Chronicle of the Middle East and North Africa

LGBTQ+ in Kuwait: Time to Change the Narrative

kuwait people sunbathing
People sunbathe and swim at the Marina Crescent beach resort in the Salmiya district, Kuwait, on August 19, 2016. – Photo by Yasser Al-Zayyat / AFP

Nejoud Al-Yagout

What makes people so afraid of the LGBTQ+ community? A narrative. That’s it. When the narrative dissolves, our mind, if noble enough, will scurry to fill the vacuum with another narrative that serves the world better, a world in which climate change, genocide, discrimination, prejudice, nationalism, the mistreatment of minorities, the suspicion of immigrants, gender disparity, war, and human trafficking are the true threats, not the sexual inclination. Instead, people’s minds are filled with should-be narratives when it comes to love and attraction which are influenced by tradition, fear of the community, collective belief systems, and/or scriptural interpretation.

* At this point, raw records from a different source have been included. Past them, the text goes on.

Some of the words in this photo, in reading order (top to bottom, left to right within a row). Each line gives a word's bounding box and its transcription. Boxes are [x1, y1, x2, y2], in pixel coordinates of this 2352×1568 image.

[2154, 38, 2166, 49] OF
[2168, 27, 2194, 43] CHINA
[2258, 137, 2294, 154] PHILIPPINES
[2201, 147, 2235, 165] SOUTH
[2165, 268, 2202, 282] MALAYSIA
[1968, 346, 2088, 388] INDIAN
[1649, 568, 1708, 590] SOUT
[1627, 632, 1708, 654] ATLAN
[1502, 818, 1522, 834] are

The latest inclination-narrative tells a tale about agendas: Why is there a gay character in every cartoon? Why is there a gay character in every movie today? Why are they teaching kids about gay people at school? Oh, the mind loves to latch on to conspiracy theories and fear. But, regardless of conclusions borne of suspicion, the appearance of LGBTQ+ characters is not because the director or the teacher wants to make your child gay. You can’t make someone gay (even having to state that is embarrassing and redundant). Even many gay people wish they were not gay because of all the bullying they have endured. So, what, then, is the reason for the prevalence of LGBTQ+ characters in television, cinema, literature, essays, books, cartoons, and magazines as of late?
Firstly, it is a sign that artists are evolving, and a new narrative is permeating the collective: one that speaks of embracing diversity and waltzing with nonresistance. This new narrative reminds people that being gay is as natural as being “straight.” And secondly: The presence of LGBTQ+ characters means that we are representing reality. The rainbow is our reality. Look around. You who reads this most definitely know someone who is gay, or you are gay yourself. Are you part of an agenda? And if you are, then hats off to you for being part of an agenda to teach people about acceptance, to teach people that love is unconditional.

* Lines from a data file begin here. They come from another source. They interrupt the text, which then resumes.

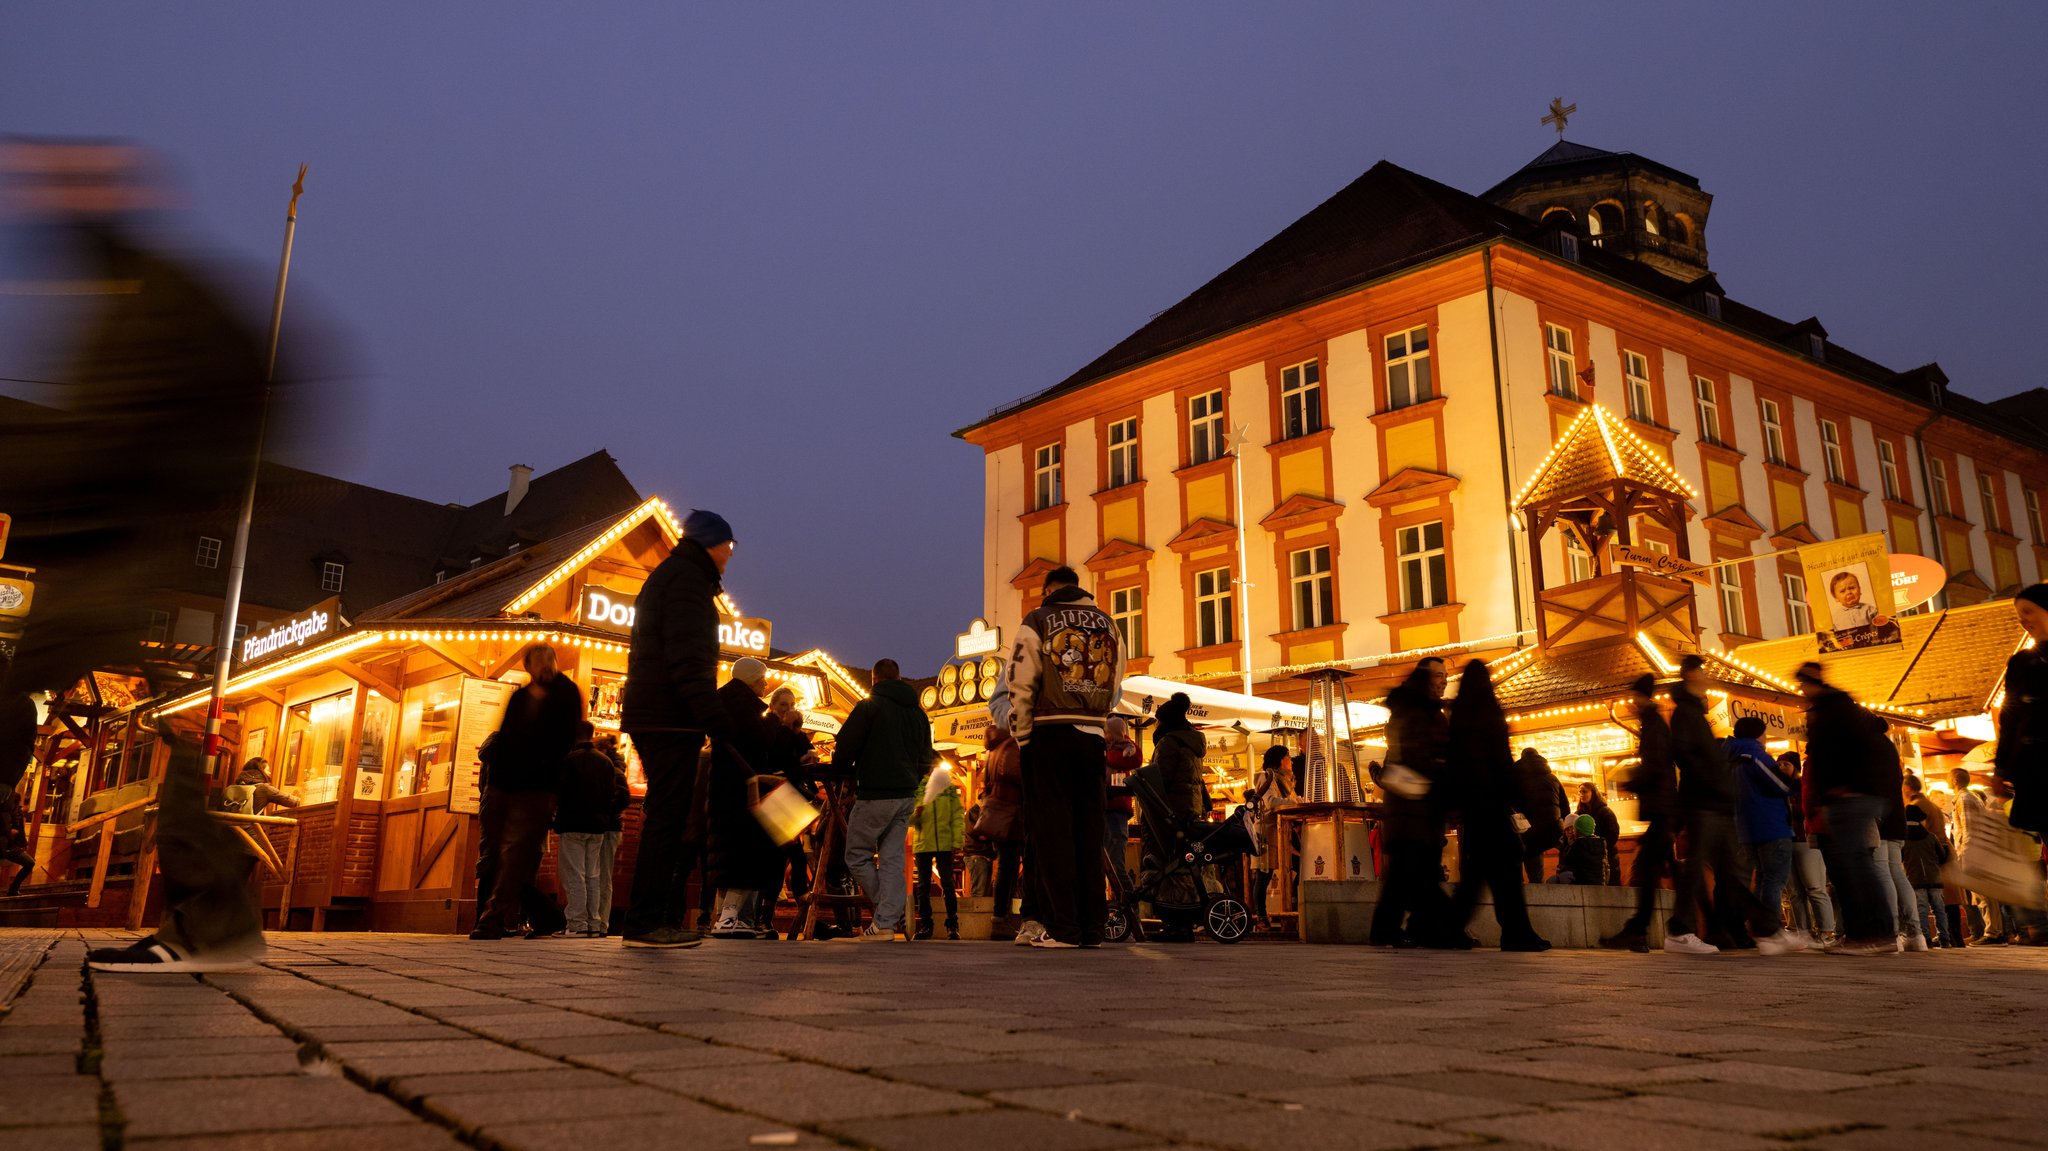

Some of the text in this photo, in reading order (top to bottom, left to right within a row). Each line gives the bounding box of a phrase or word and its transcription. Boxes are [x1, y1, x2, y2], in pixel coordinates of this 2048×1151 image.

[1620, 547, 1651, 564] Turm
[1806, 561, 1826, 571] Heute
[1847, 553, 1859, 564] gut
[1860, 544, 1883, 558] drauf?
[242, 610, 328, 662] Pfandrückgabe

For too long, the gay community has been ostracized and made to feel dirty, unwelcome, a life source worthy of punishment. The gay lifestyle is criticized for being hedonistic. Does one really need to spell out that hedonism and/or promiscuity has nothing to do with one’s inclination? Promiscuity has to do with a person’s tendencies and can even be attributed to biological properties. Many reality shows and movies depict heterosexuals as promiscuous and hedonistic. Does that mean we should ban heterosexual couples?
This may sound extreme, but that is exactly how the LGBTQ+ are treated: in an extreme, nonsensical manner. The oddity of our reasoning would only be apparent if the world were different. Yes, if the world were different, and a heterosexual person was born into a realm where being gay was the norm, only then would they [the world] understand the implications of discrimination based on sexual inclination, only then would they [the world] understand the illogicality of imposing a set of rules on people based on their inclinations.

And now, let’s address the “T” of the LGBTQ+ spectrum. In our community, transgenders are taunted for “impersonating the other sex.” This was criminalized in Kuwait as recently as 2007 in a clause that was added to Article 198 of Kuwait’s Penal Code. Not that it should matter one bit whether a transgender person is gay or not, but there is a misconception here that all transgender people are gay. This is false. Being transgender may or may not have something to do with one’s inclination. Yet not necessarily. Whatever the case, the question is: When did clothing become an indication of one’s inclination in the first place?

International women’s fashion magazines regularly present female models in men’s shoes and androgynous clothing. And lately, it is becoming fashionable for men to dress as women. Harry Styles wore a dress on the cover of Vogue magazine (December 2020 issue). At the 2019 Oscars, gender fluidity was reflected on the red carpet with Billy Porter wearing a hybrid tuxedo jacket/ball gown outfit. He explained why he did so in an interview with Vogue: “My goal is to be a walking piece of political art every time I show up. To challenge expectations. What is masculinity? What does that mean? Women show up every day in pants, but the minute a man wears a dress, the seas part.” (Allaire, Christian; Vogue; February 2019). The dishdasha (a long white traditional robe worn by Arab men) looks like a long dress. And a Scottish kilt might as well be called a Scottish skirt. So where is the issue?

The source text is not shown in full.